▶ _Work to be completed_:
Each line of the records must appear in your answer exactly, with no pictures.

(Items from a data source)
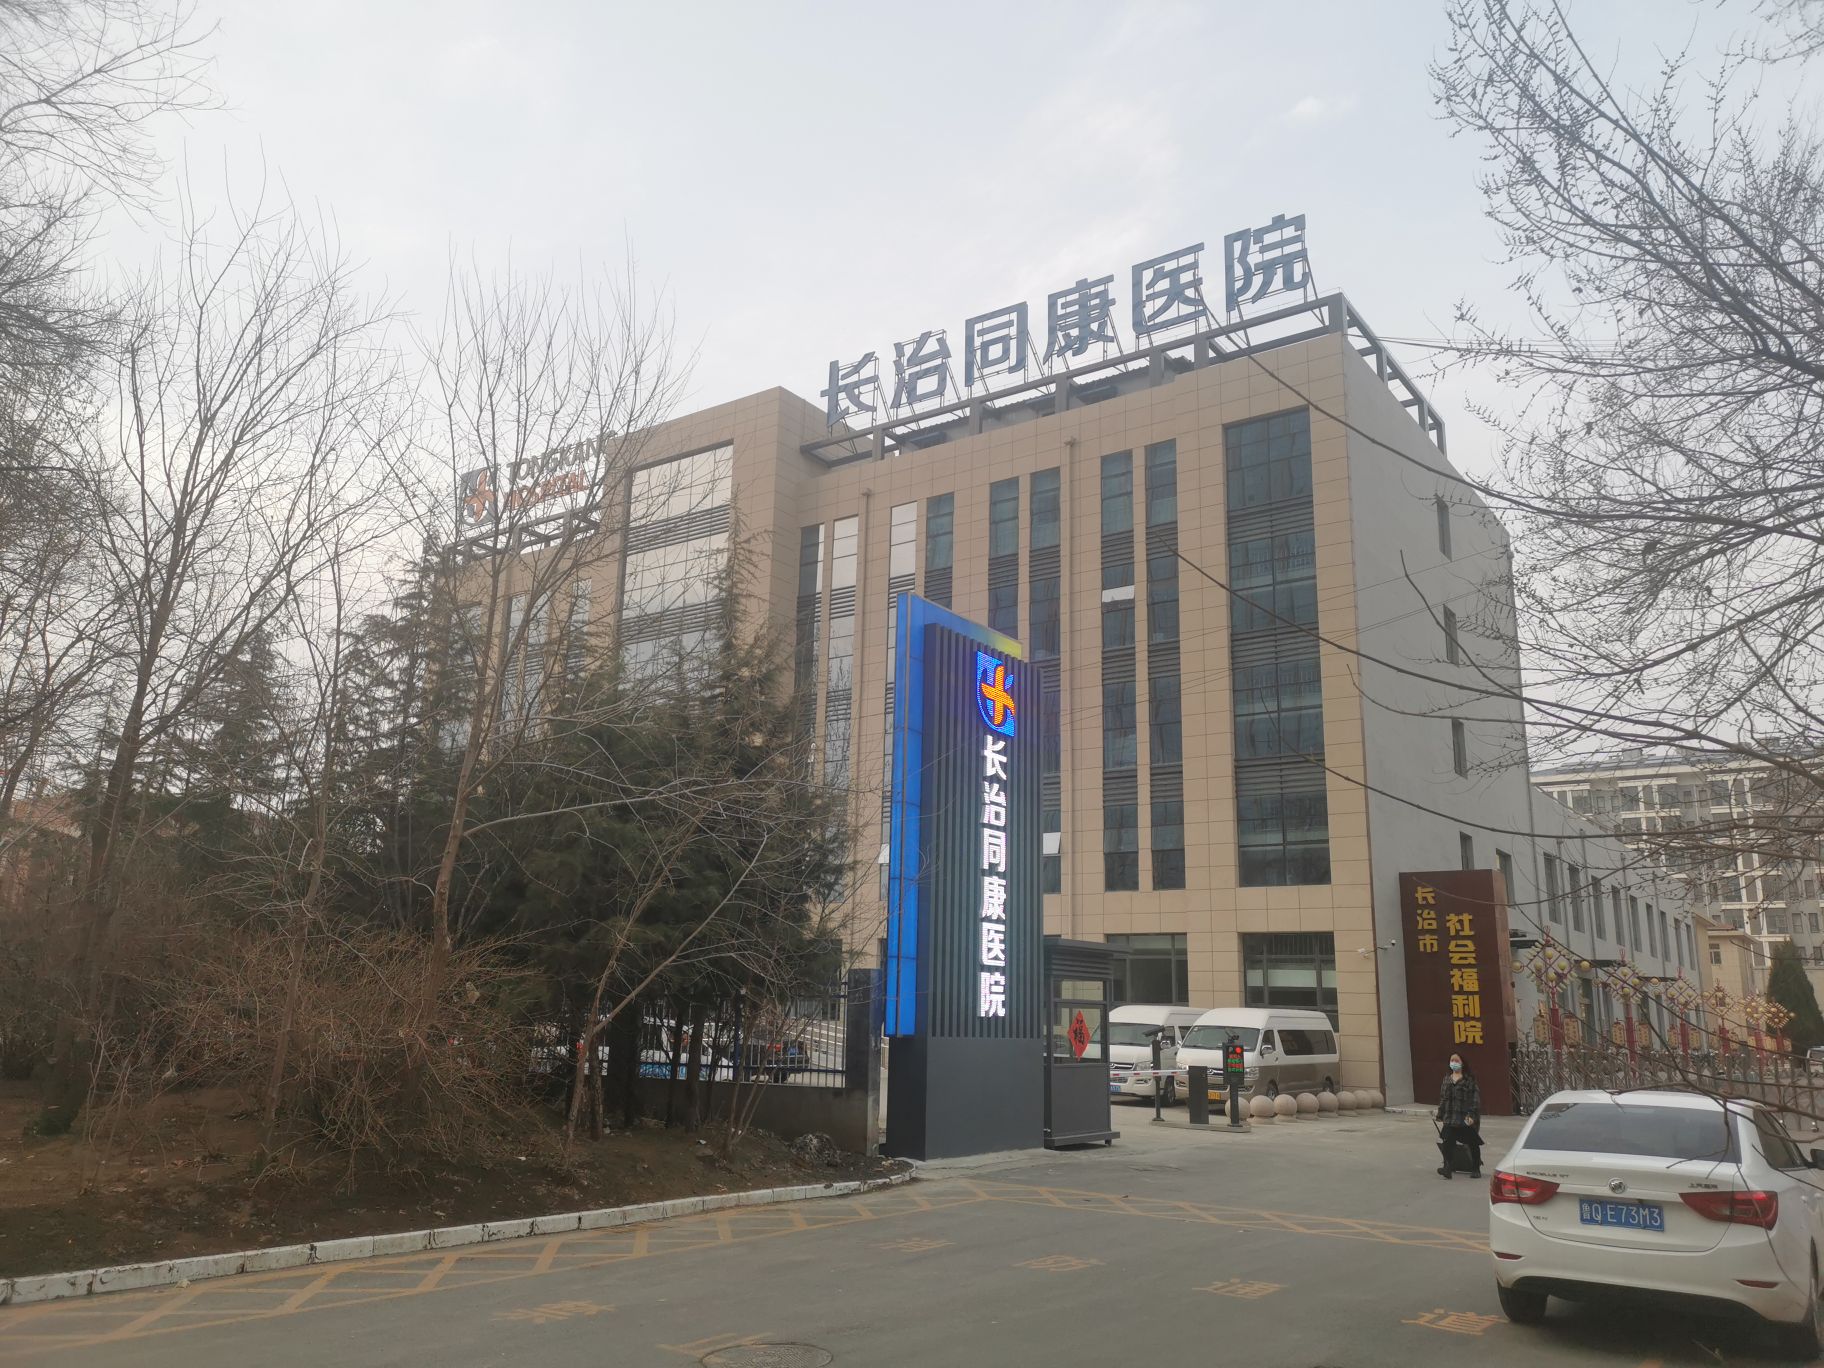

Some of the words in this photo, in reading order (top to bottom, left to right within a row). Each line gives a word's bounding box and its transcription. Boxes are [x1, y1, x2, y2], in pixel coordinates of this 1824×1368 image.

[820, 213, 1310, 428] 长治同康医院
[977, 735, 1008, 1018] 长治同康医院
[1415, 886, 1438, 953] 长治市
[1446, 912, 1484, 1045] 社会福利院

▶ _Result of this exercise_:
Some of the words in this photo, in reading order (top to bottom, left to right within a row). Each line gives a word's bounding box and its transcription. Boxes are [x1, y1, x2, y2], in pixel coordinates of this 1824×1368 image.

[820, 213, 1310, 428] 长治同康医院
[977, 735, 1008, 1018] 长治同康医院
[1415, 886, 1438, 953] 长治市
[1446, 912, 1484, 1045] 社会福利院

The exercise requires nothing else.